- Your goal -
Could you give the listing again exactly, without its pictures?

- Study material -
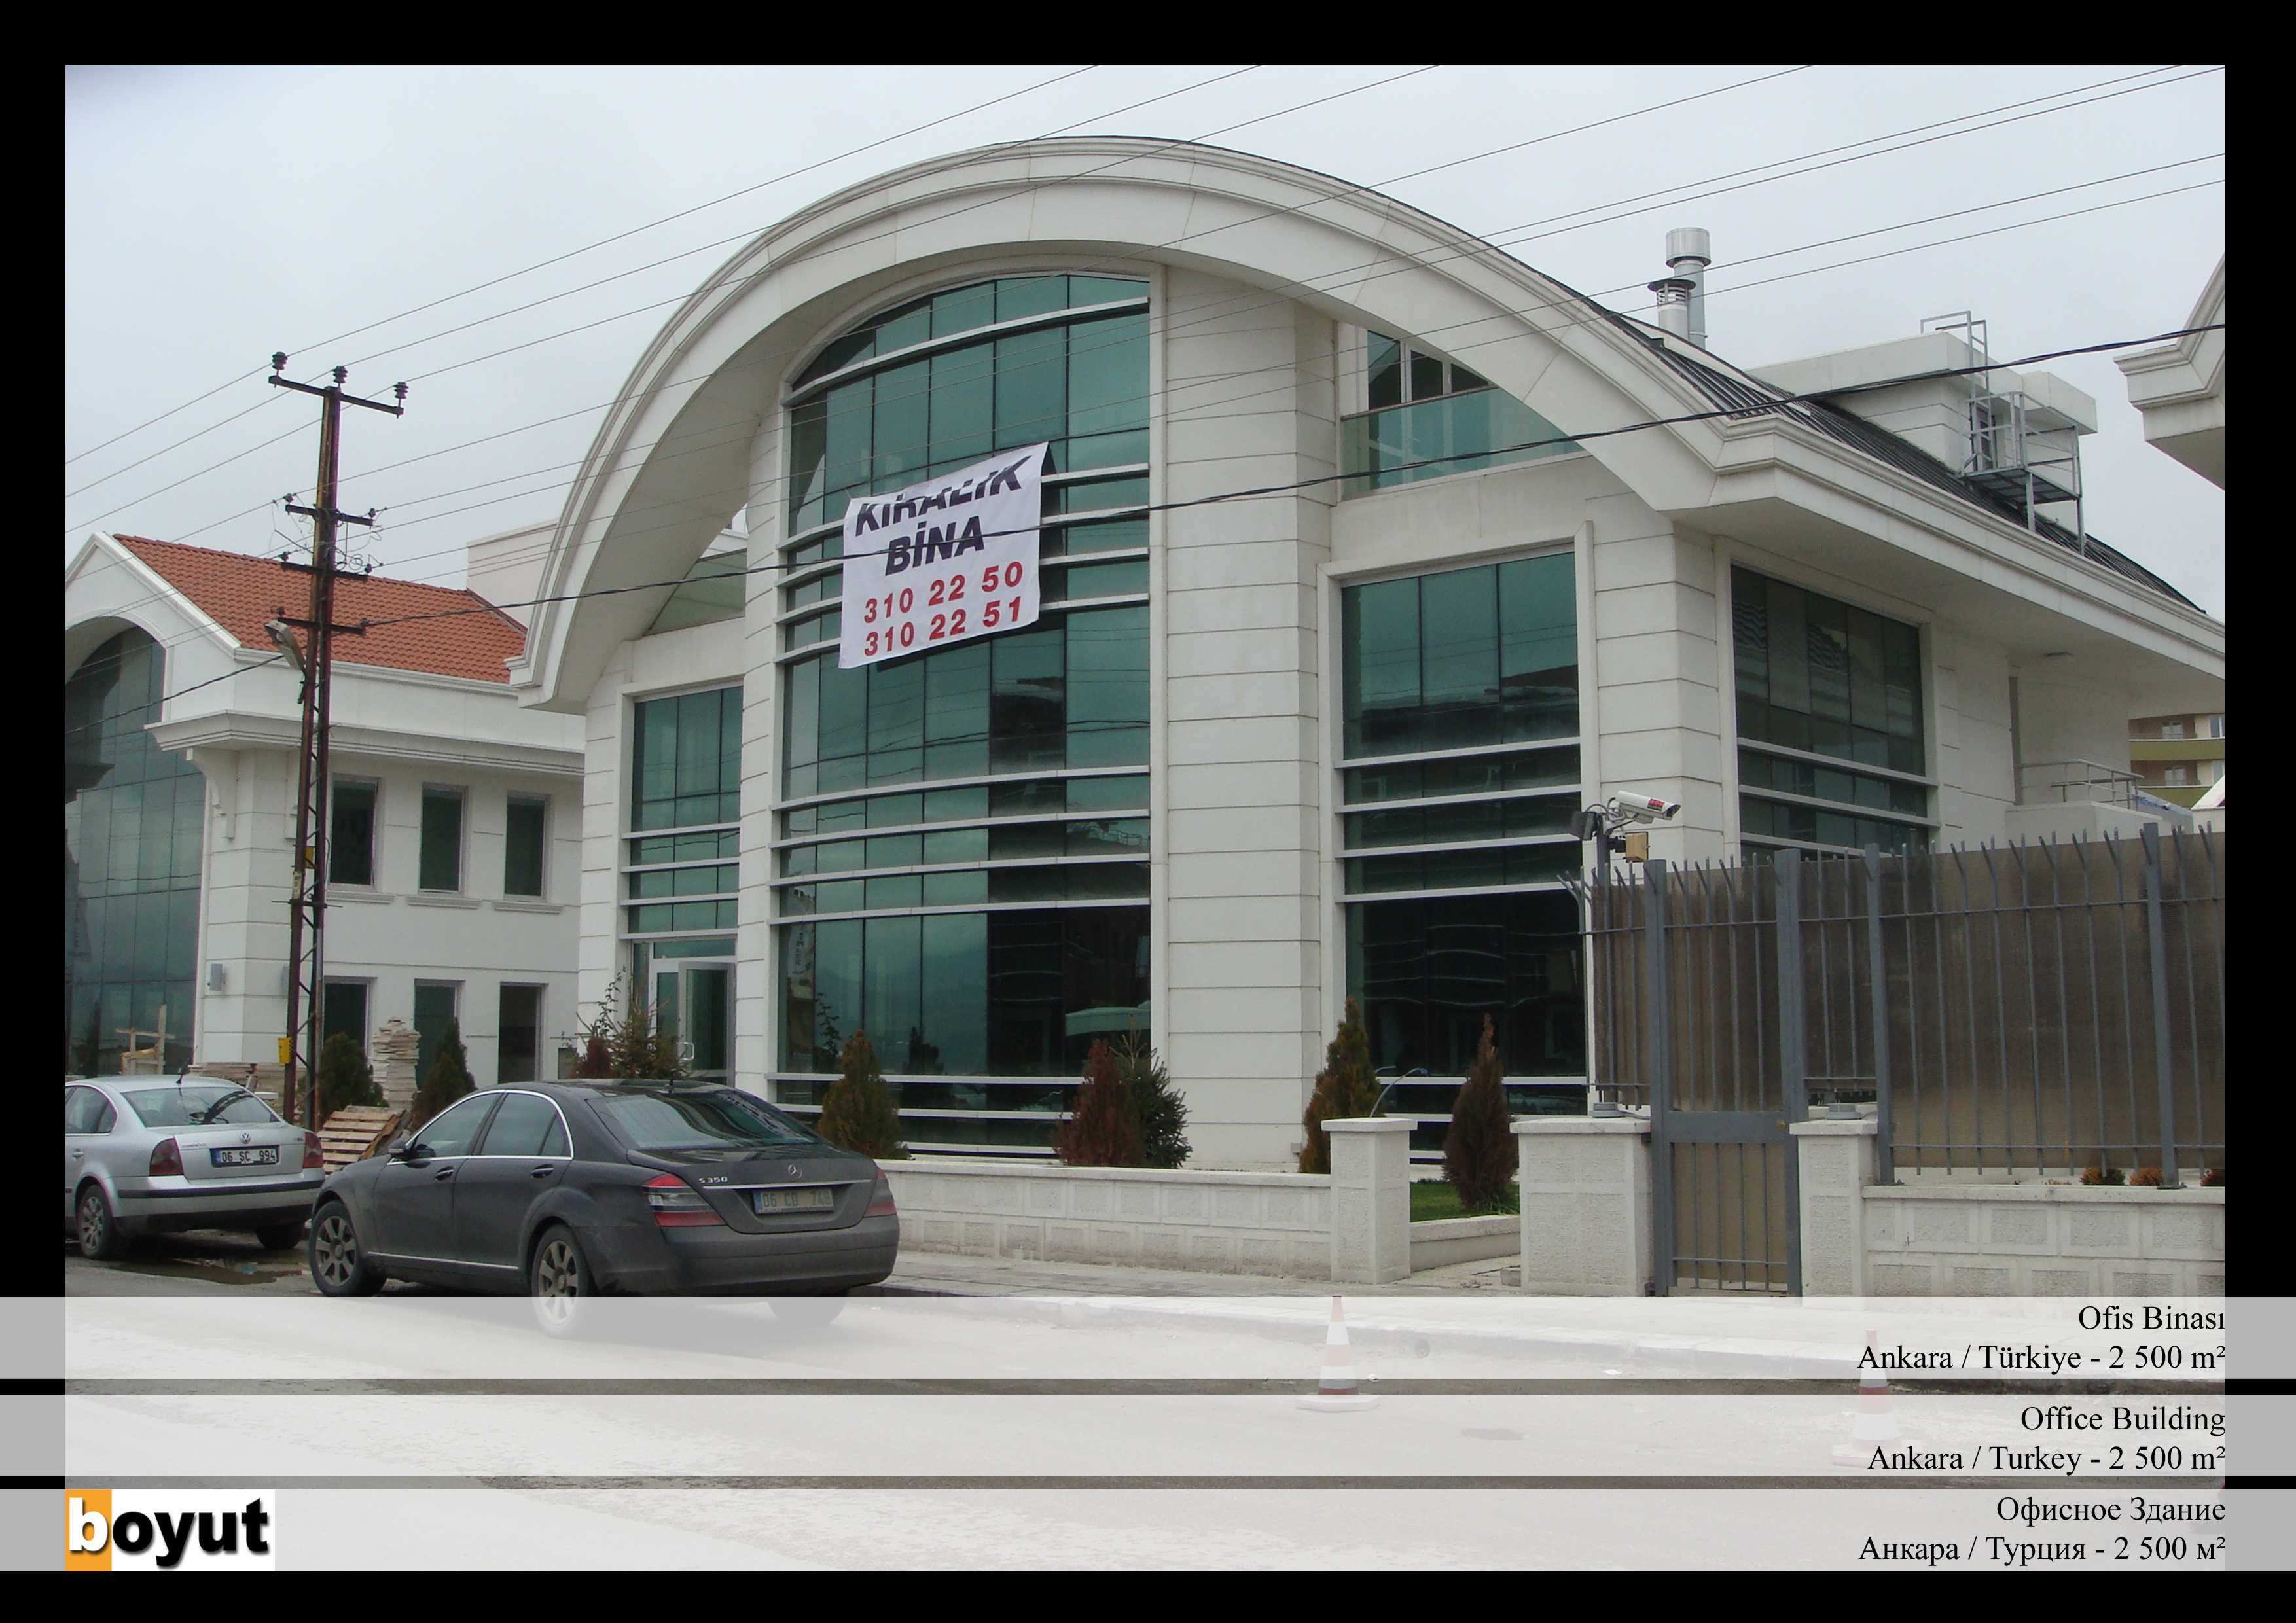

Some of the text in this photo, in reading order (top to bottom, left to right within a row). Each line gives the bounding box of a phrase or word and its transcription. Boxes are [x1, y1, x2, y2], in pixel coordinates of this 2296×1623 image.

[885, 516, 984, 576] BİNA
[864, 562, 1023, 624] 310 22 50
[864, 596, 1021, 656] 310 22 51
[222, 1150, 275, 1162] 06 SC 994
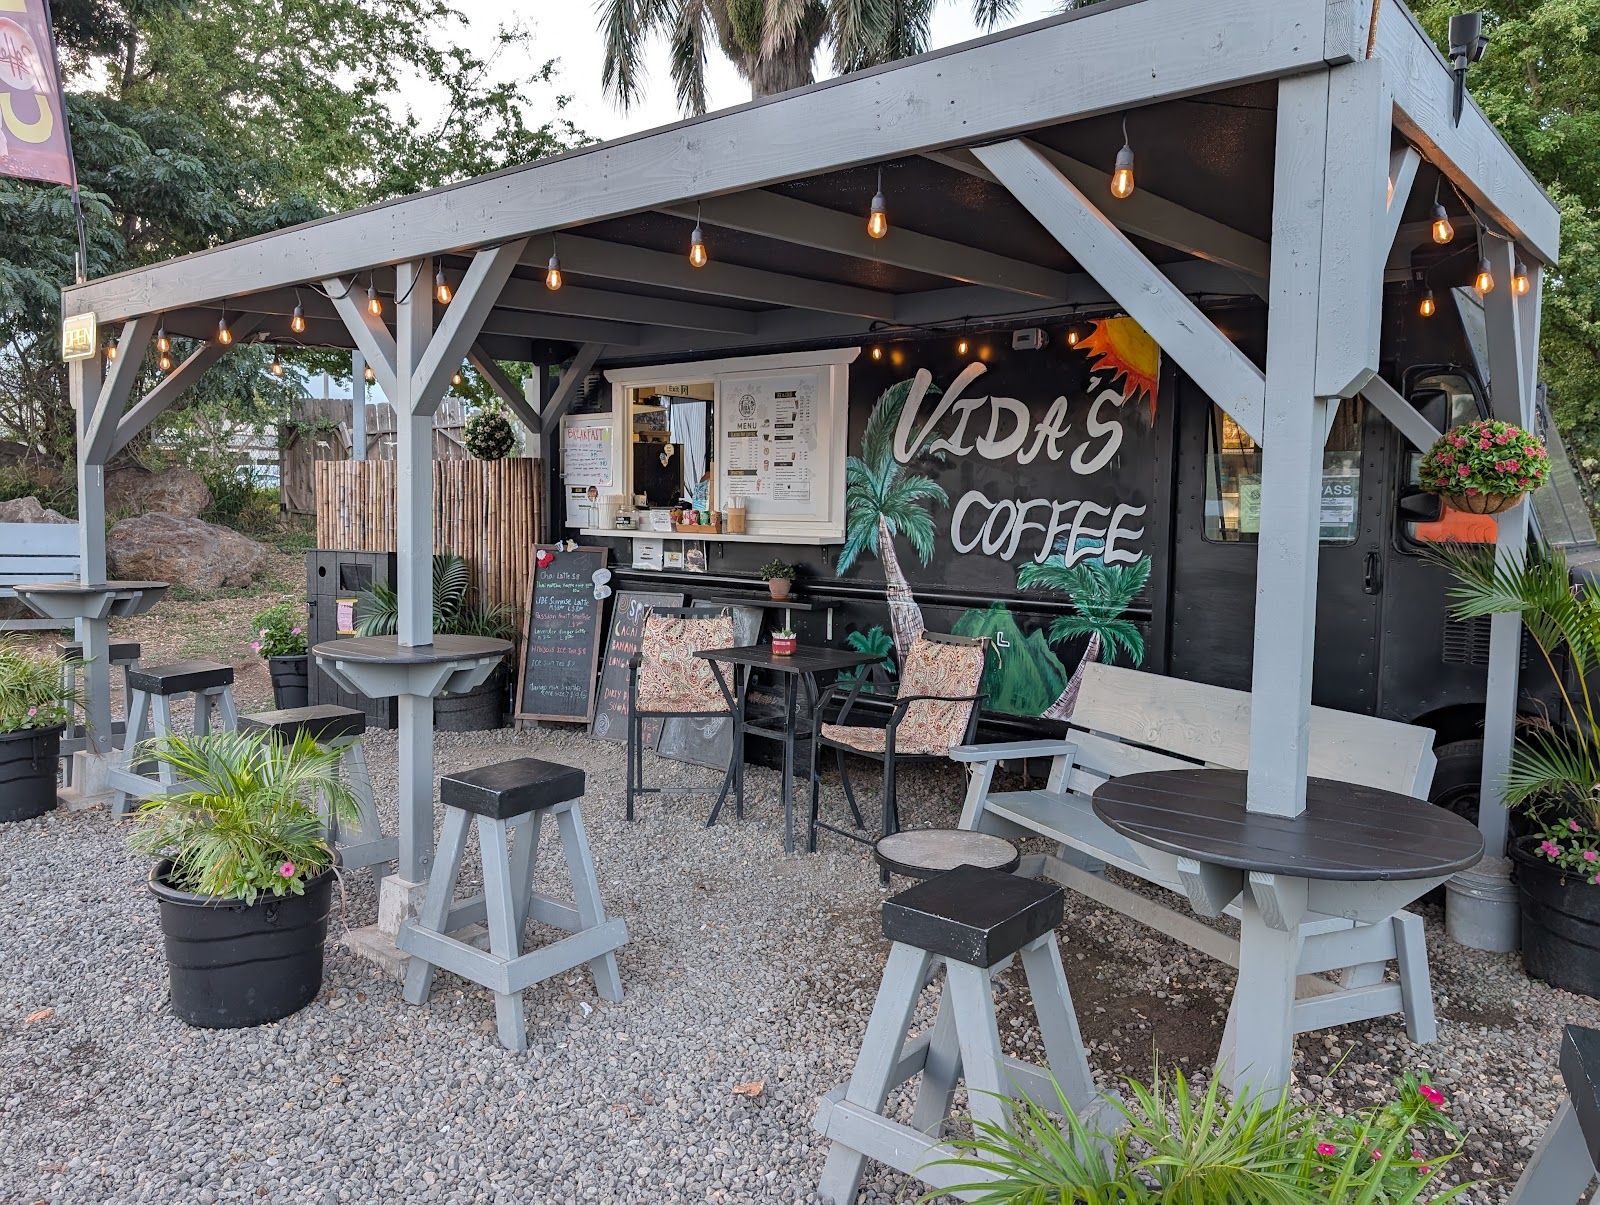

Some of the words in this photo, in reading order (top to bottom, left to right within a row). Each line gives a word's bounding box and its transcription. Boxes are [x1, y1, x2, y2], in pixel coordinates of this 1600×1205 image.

[65, 327, 91, 349] OPEN
[893, 361, 1125, 476] VIDA'S
[737, 422, 757, 430] MENU
[567, 427, 603, 441] BREAKFAST
[1320, 484, 1352, 496] ASS
[951, 490, 1147, 568] COFFEE
[621, 625, 639, 637] ACAI
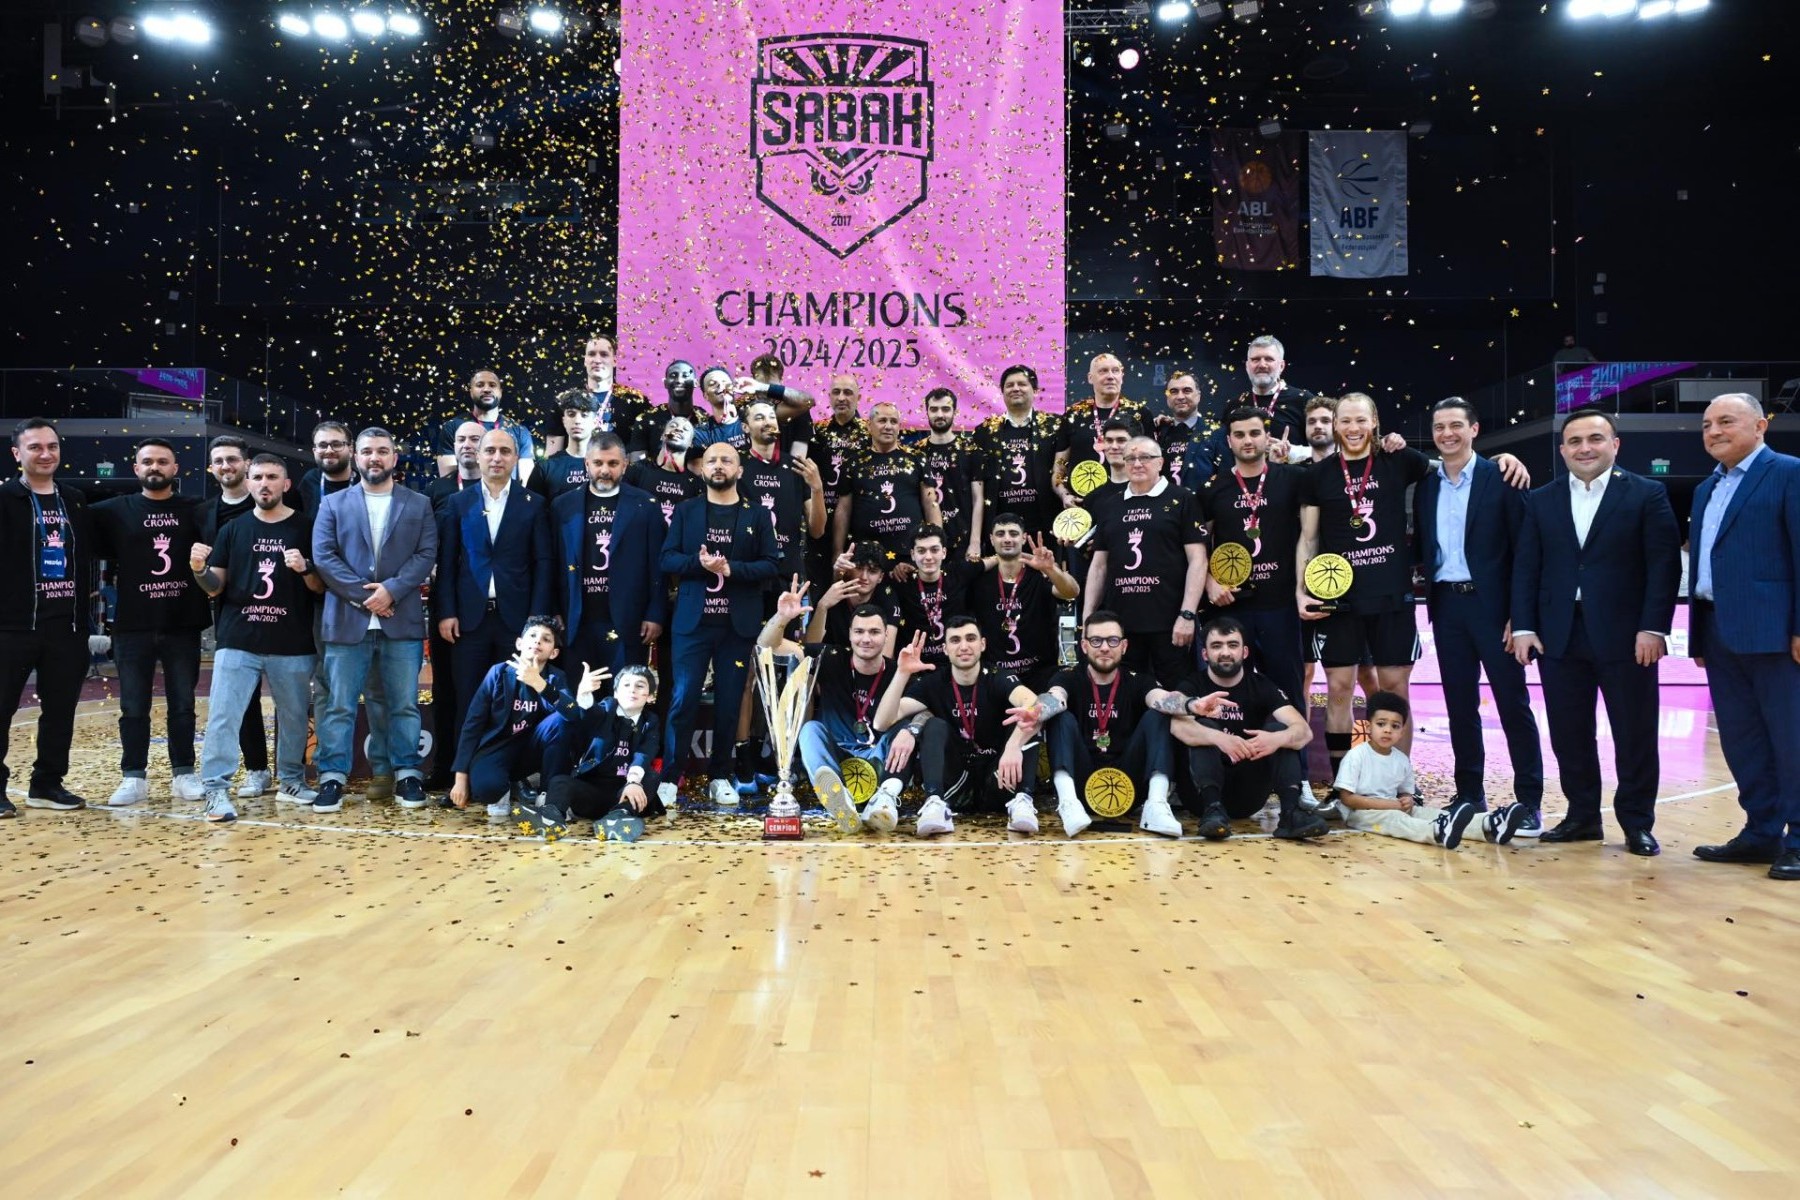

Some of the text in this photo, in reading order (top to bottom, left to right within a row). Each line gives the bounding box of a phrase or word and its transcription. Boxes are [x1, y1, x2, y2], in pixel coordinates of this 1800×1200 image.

- Output of the exercise -
Some of the text in this photo, in reading order (top to bottom, left to right within a row). Each line gives the bounding box of a phrase or word and its transcription. Boxes are [x1, y1, x2, y2], in pixel coordinates of this 2296×1623 image.

[885, 516, 984, 576] BİNA
[864, 562, 1023, 624] 310 22 50
[864, 596, 1021, 656] 310 22 51
[222, 1150, 275, 1162] 06 SC 994

Some of the words in this photo, in reading order (top to bottom, left to right within a row). Each line gives a word's bounding box and its transcription. Boxes are [x1, y1, x2, y2], in pixel coordinates of this 1600×1205 image.

[65, 327, 91, 349] OPEN
[893, 361, 1125, 476] VIDA'S
[737, 422, 757, 430] MENU
[567, 427, 603, 441] BREAKFAST
[1320, 484, 1352, 496] ASS
[951, 490, 1147, 568] COFFEE
[621, 625, 639, 637] ACAI

Some of the text in this photo, in reading order (top to bottom, left to right within a row). Each line gives the bounding box of a phrase or word and its transcription. Boxes are [x1, y1, x2, y2], in pixel coordinates of this 1800×1200 image.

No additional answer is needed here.